The night air hit Jihoon first — warm and thick, Manila in November, the Ayala skyline doing something specific with the low clouds that he registered only peripherally because Soonyoung was beside him pulling on his jacket and the cab was already there and neither of them said anything about the fact that they were both getting in.
The cab smelled like pine air freshener. The radio played something low under the driver’s chatter. The city moved past the windows in the particular way it did late at night — slower, more honest, the version of Manila that existed after the professional version of everyone had gone home.
Soonyoung sat beside him.
Not across. Beside. The back seat offered exactly enough room for two people to sit without touching, and they were not touching, and Jihoon was aware of this the way you became aware of things when awareness was the only thing left between you and an admission you weren’t ready to make in a moving vehicle.
Three inches. Maybe less.
Jihoon looked out the window and thought about the Caluag brief, which did not work. He thought about the motion for summary judgment, which also did not work. He tried to think about Senior Partner Reyes and the quarterly review and the associate performance metrics, and none of it worked, because Soonyoung shifted slightly beside him — just settling, just adjusting, nothing intentional — and his knee almost touched Jihoon’s, and Jihoon’s brain went completely offline for three seconds.
Reasonable, he told himself. Practical. Stress management. A completely logical response to an untenable situation.
Soonyoung said nothing for the duration of the ride.
But once, at a red light, he turned his head and looked at Jihoon with the specific quality of someone who knew exactly where they were going and was not nervous about it at all — patient, warm, certain in the way he was certain about things he’d already decided — and Jihoon looked back and felt the last of his professional composure do something irreversible.
The light turned green.
Neither of them said anything.
The cab pulled up to Soonyoung’s building in Salcedo and Jihoon got out first, which meant he was already on the sidewalk when Soonyoung appeared beside him, and there was a moment — just a moment, under the yellow glow of the entrance lights — where they looked at each other and the arrangement that had sounded clinical in a pantry at midnight sounded like something else entirely out here.
“Okay?” Soonyoung asked, quietly.
“Yes,” said Jihoon. Which was the truest thing he’d said all week.
They went inside.
The apartment was warm and lived-in, the particular organized chaos of someone who worked too much and still made their space feel intentional. Books stacked on the coffee table. A jacket on the back of a chair.
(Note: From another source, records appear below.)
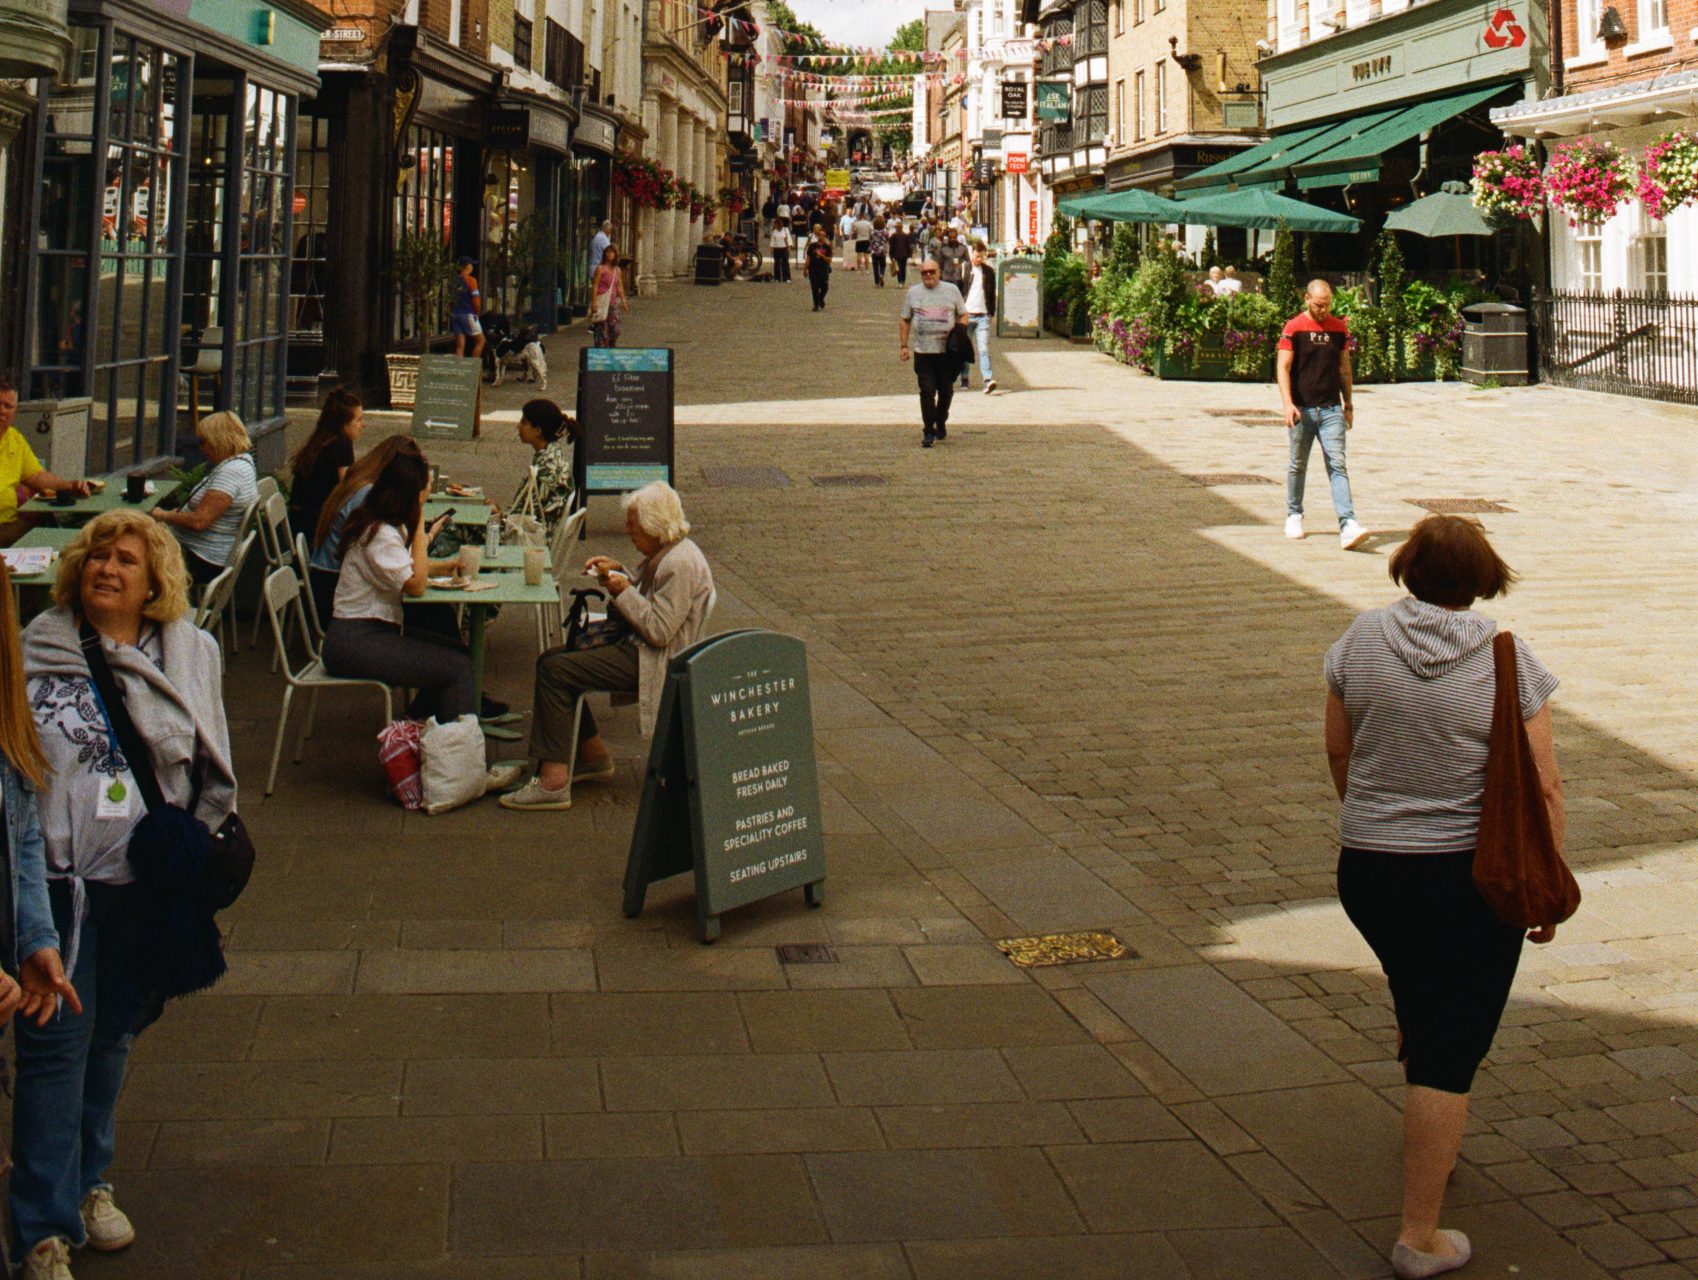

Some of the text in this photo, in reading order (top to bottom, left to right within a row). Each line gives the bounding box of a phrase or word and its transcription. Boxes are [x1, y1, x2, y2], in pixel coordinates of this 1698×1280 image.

[335, 30, 361, 39] STREET
[1040, 101, 1067, 109] ITALIAN
[747, 670, 757, 678] THE
[711, 678, 795, 705] WINCHESTER
[730, 701, 779, 722] BAKERY
[732, 760, 789, 784] BREAD BAKED
[737, 776, 787, 799] FRESH DAILY
[735, 805, 794, 831] PASTRIES AND
[724, 817, 808, 851] SPECIALITY COFFEE
[730, 849, 807, 883] SEATING UPSTAIRS
The low ambient light of a home that belonged to someone who had strong opinions about overhead lighting and had acted on them.
Soonyoung didn’t offer tea.
He set his bag down by the door and turned around, and the professional distance of the office — the careful geography of adjacent desks and shared hallways and fourteen months of pretending the space between them was neutral — collapsed in approximately the time it took Jihoon to realize Soonyoung was not going to be the one to maintain it.
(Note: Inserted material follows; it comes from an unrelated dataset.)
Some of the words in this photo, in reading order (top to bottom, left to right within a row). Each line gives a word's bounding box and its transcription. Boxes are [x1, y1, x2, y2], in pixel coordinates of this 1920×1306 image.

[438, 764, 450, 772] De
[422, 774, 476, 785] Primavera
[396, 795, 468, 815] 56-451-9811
He closed the distance himself.
Soonyoung met him halfway — hands steady as they found Jihoon’s waist, pulling him in with the same decisive calm he used when he knew a cross-examination was about to land.
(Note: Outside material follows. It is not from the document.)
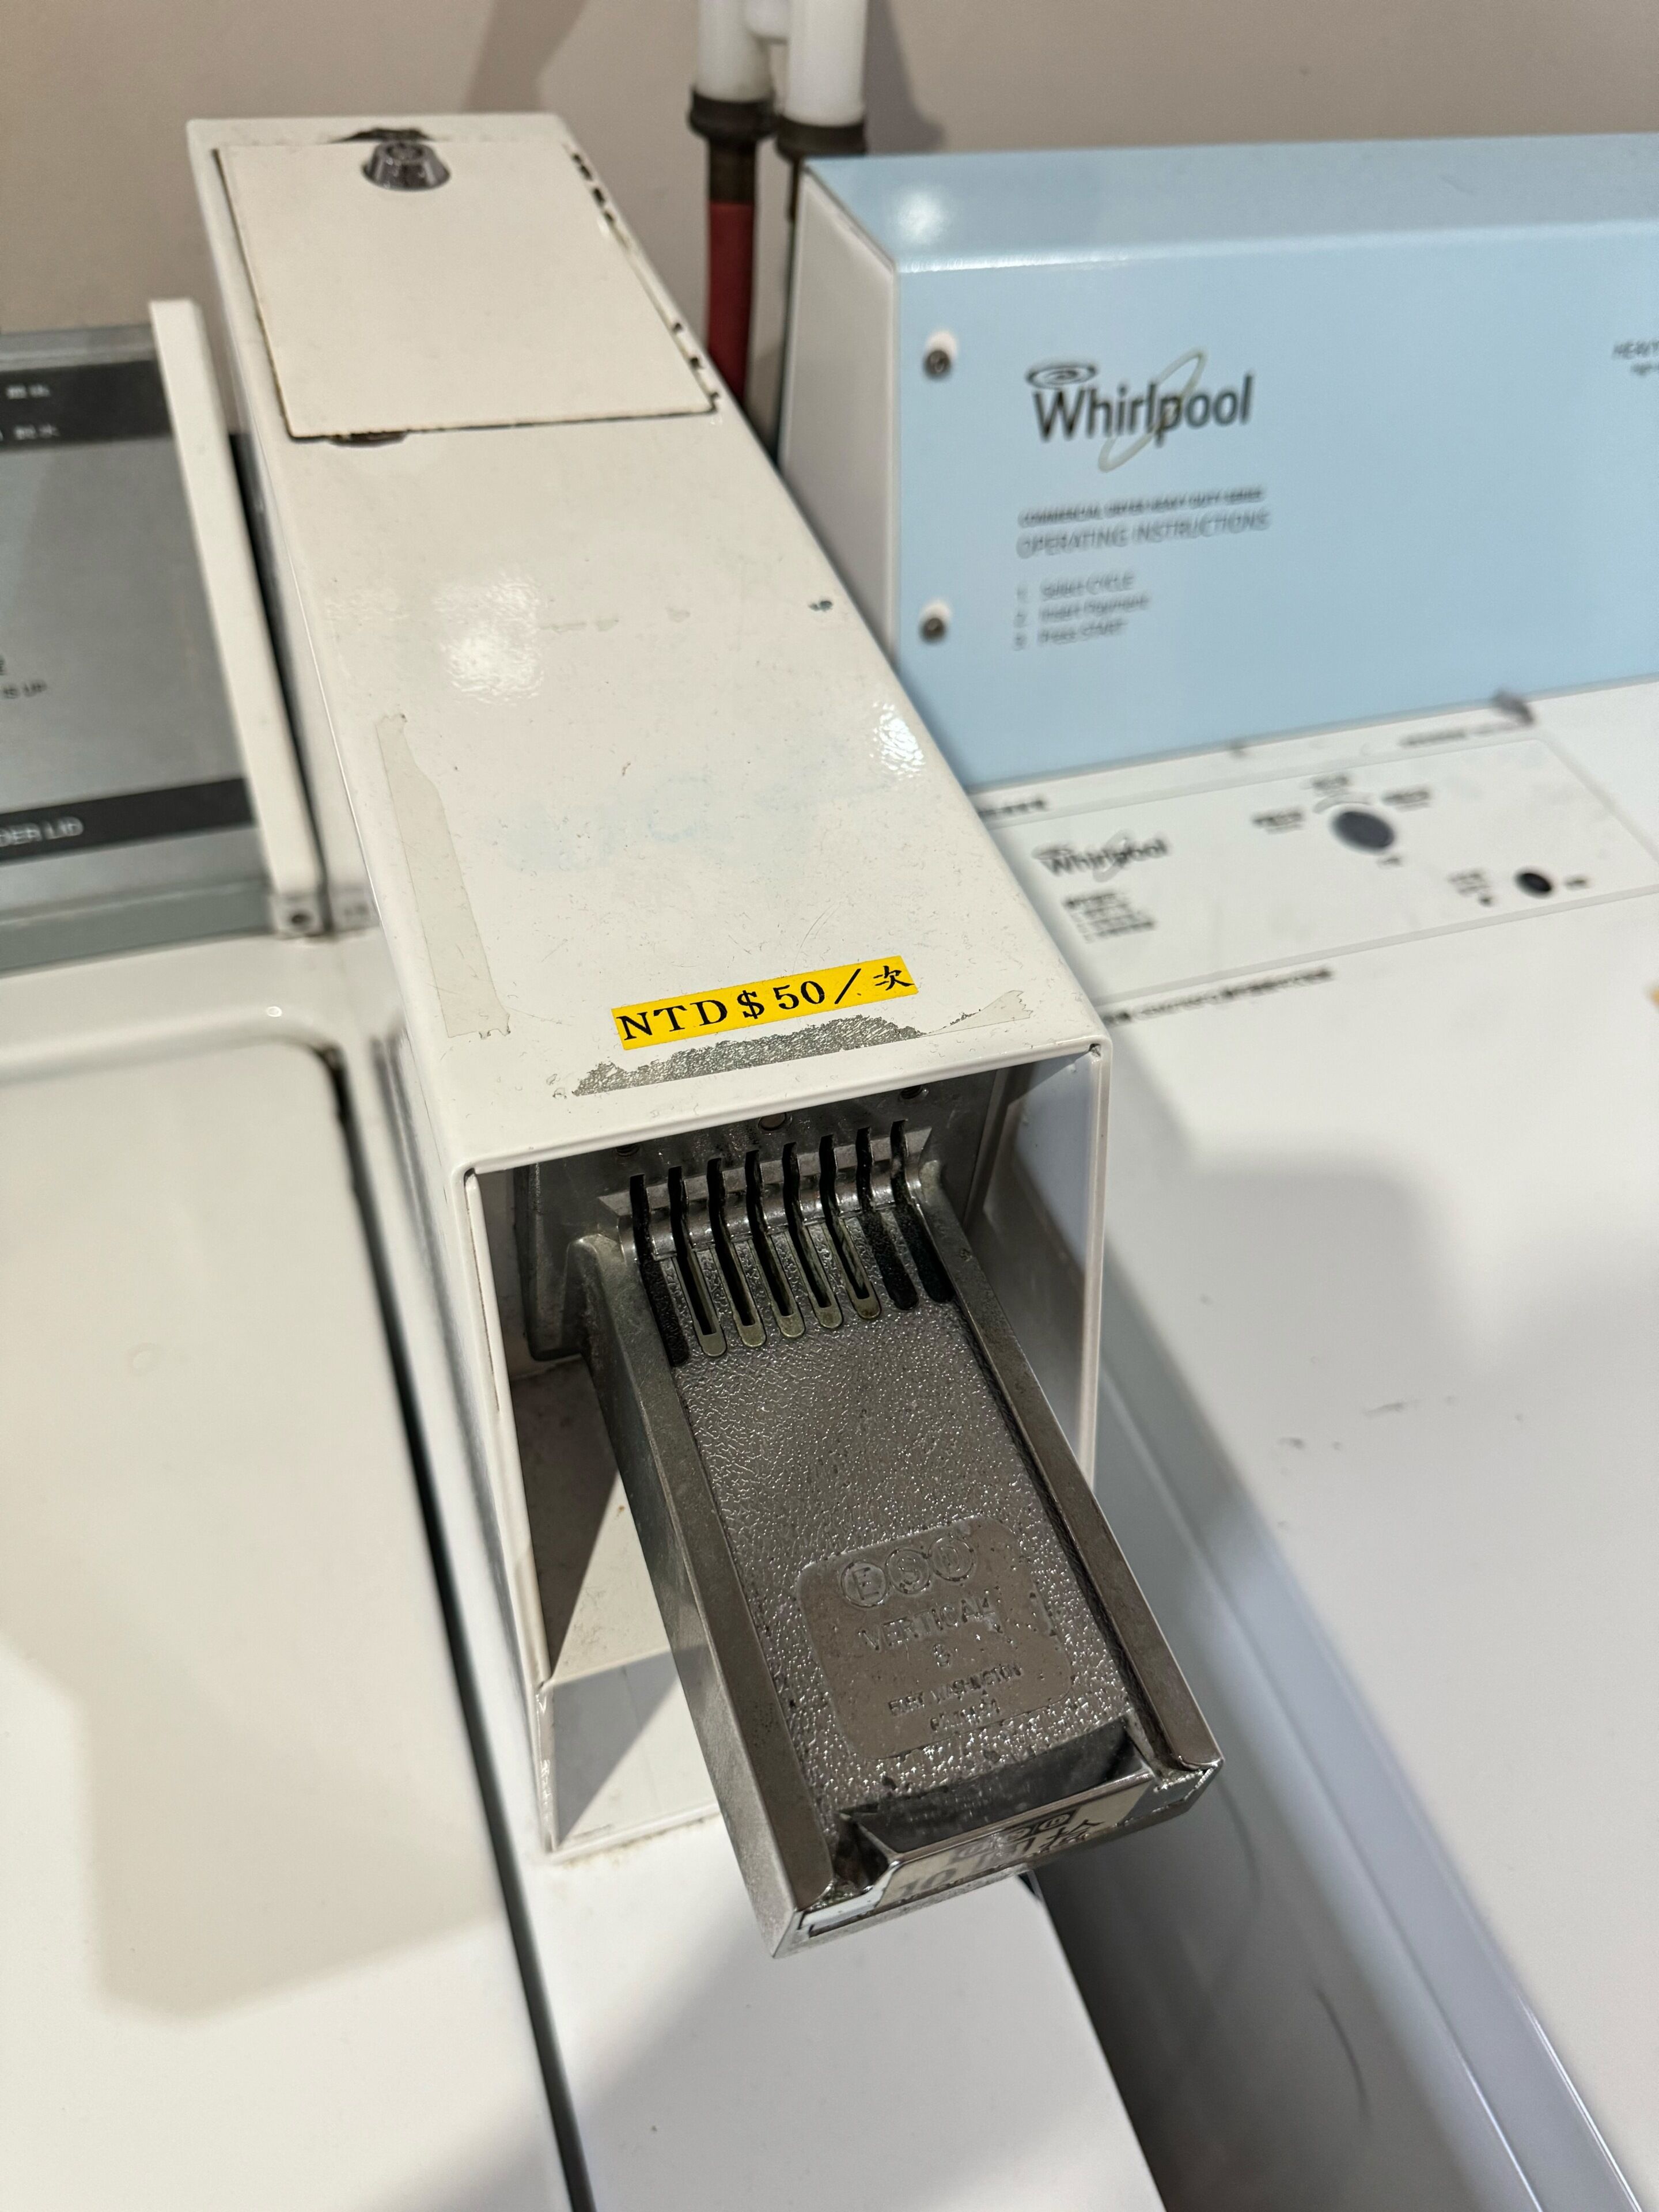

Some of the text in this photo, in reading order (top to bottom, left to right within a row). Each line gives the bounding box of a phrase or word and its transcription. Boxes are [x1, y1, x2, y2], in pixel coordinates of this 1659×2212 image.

[1032, 369, 1256, 449] Whirlpool
[1016, 525, 1130, 559] OPERATING
[1132, 507, 1271, 544] INSTRUCTIONS
[857, 1596, 1003, 1653] VERTICAL
The first kiss was slow, almost testing, but Jihoon was already past testing. Fourteen months of careful orbits and swallowed glances poured out at once; he pushed forward, fingers threading into Soonyoung’s hair, mouth opening under the pressure like he’d been waiting for permission he no longer needed to ask for.
Soonyoung made a low sound of approval against his lips. “Easy,” he murmured, voice already rough at the edges, the one he used in meetings when he was pretending to be patient. “I’ve got you. Been wanting this for so long — let me take care of you first.”
He was thorough. Generous in a way that felt almost unfair. He undressed Jihoon like he was unwrapping something precious and breakable, mouth following every inch of newly exposed skin — collarbone, sternum, the sensitive dip of his hip — until Jihoon was shaking with the effort not to demand more immediately. When Soonyoung finally dropped to his knees, Jihoon’s hand flew to the wall for balance, the other tangling tighter in Soonyoung’s hair.
“Fuck — Soonyoung—” The words came out broken. Jihoon had never been loud in bed, but the wet heat of Soonyoung’s mouth and the way he looked up, eyes dark and certain, made something in Jihoon’s throat give way.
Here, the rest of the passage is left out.